On the Opinion Page (of the Manhattan Times): Work Is Way More Relaxed Than School


In which The Gay Recluse loves the Manhattan Times.

Hey, New York Times! Instead of David Brooks, William Kristol, Maureen Dowd and so on (Zzzzzz), maybe you should turn the column over to a new generation of writers, who aren’t afraid to tell it like it is, and moreover, know how to entertain! We suggest you start with Tina Ritter, who wrote the following piece in this week’s Manhattan Times (bolding is ours):

Teenage Brain: Work is way more relaxed than school

by Tina Ritter

When I was little, my dad would  come home from the office, and over dinner my mother or my brother or I would ask: “So, Barry (or “daddy” as the case may be), how was work?” And he would answer, with a level of utmost predictability, “busy.” I never understood this. When I went into work with him for Take Your Daughter to Work Day, I thought it was always fun times, like a perpetual birthday party, but donuts and coffee instead of cake and ice cream. And of course adults were having fun at work, because that was just the way the world worked. You go to school for all of your childhood, you listen to your parents and life just isn’t fair, and then you’re an adult and you’re allowed to have fun.

It always amuses parents when their children insist that adulthood is significantly better than childhood. Adults always respond with the hardships of adulthood like paying taxes, having to work and, depending on the mood of the parent, the hardship of having children. But having spent my entire summer interning and holding a “real job,” I’m convinced that all this time, the kids have been right. Six weeks (and counting) sitting at a desk job in a Manhattan health care provider has given me the following insight, which dispels several adult-initiated rumors about office life.

One source of misconceptions in the adult life is the hours that they work. My father works Monday through Friday, 9 to 5, plus time spent on the subway commuting each day. This seems like quite a lot of time until you compare it to the average high school student’s day. As a junior, I spent pretty much the same amount of time commuting. My day in school started an hour earlier than his day in the office, and ended about an hour earlier. Clearly, 9 to 5 is comparable to 8 to 4. But 8 to 4 doesn’t even cover the amount of work after school lets out, including obligations to sports and other extra-curricular activities, not to mention the mountains of homework. School is an all-consuming activity, whereas my experience in the workplace is that for many employees, leaving the office means work is over.

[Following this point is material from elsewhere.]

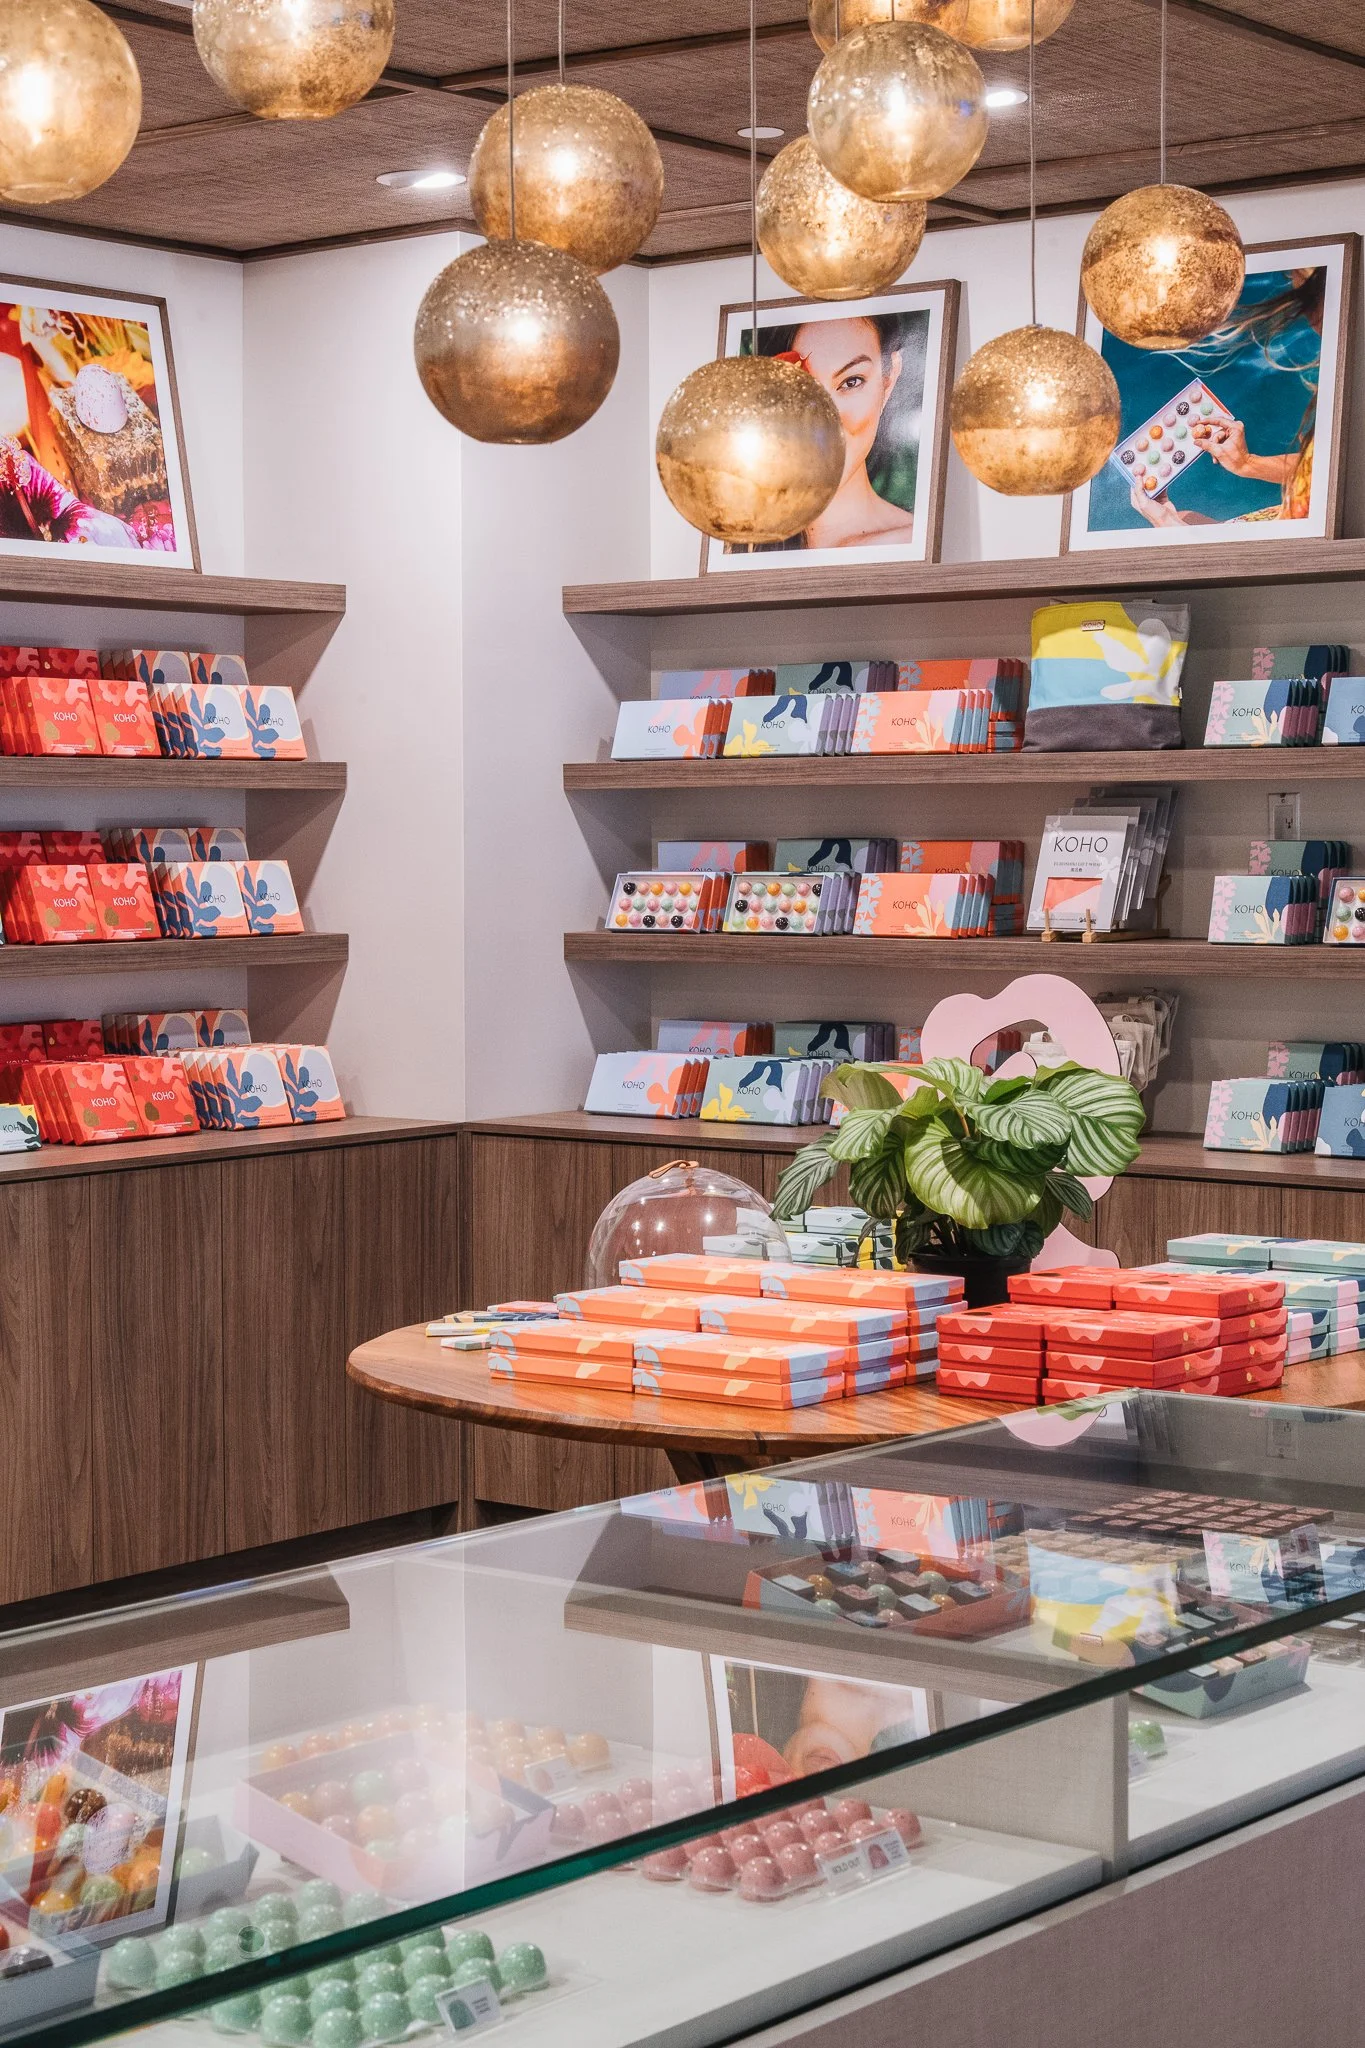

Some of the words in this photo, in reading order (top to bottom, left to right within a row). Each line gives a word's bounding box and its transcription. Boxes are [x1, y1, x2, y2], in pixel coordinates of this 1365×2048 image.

There’s also a difference between office life and school life in the percent of the day spent actually working versus just sort of chilling out. Although the day begins officially at 9, many employees don’t end up coming into the office on time. There are also those who take breaks every couple hours or so for cigarettes, a snack, a soda, or just chatting time. There is also the hour-long lunch break that employees are entitled to. Finally, in my department, there are people who work pretty flexible hours. Some people leave regularly at 4 p.m., while others begin to pack up and leave around 4:45 p.m.

With all of these built-in breaks, it’s a wonder why adults complain about work in the first place. During school, coming even a few minutes late can mean a lower grade or a detention. Leaving early isn’t typically an option. A student’s lunch break is usually one period long (which for me means 45 minutes), and assumes the student even has a lunch break in the first place (because some don’t). The biggest break that students get, besides lunchtime, is a few minutes in between periods to get to the next class. That doesn’t leave much time for a quick stop outside for a cup of coffee or a soda. At 3:15 p.m., when my dad is tired and needs a quick caffeine fix, he runs to Starbucks for coffee. At 3:15 p.m., when I’m tired, I’m stuck in English class. The office life lends an element of flexibility that just doesn’t exist in school.

These are generalizations, though. Some students have easier schedules and lighter workloads. Some adults end up taking work home. Maybe the office isn’t a perpetual party, but it’s still more
forgiving than high school.

Tina Ritter is a rising star senior at the Bronx High School of Science where she spends her time either over-thinking or not thinking at all.

Rock on, Tina! We’ll be watching for you!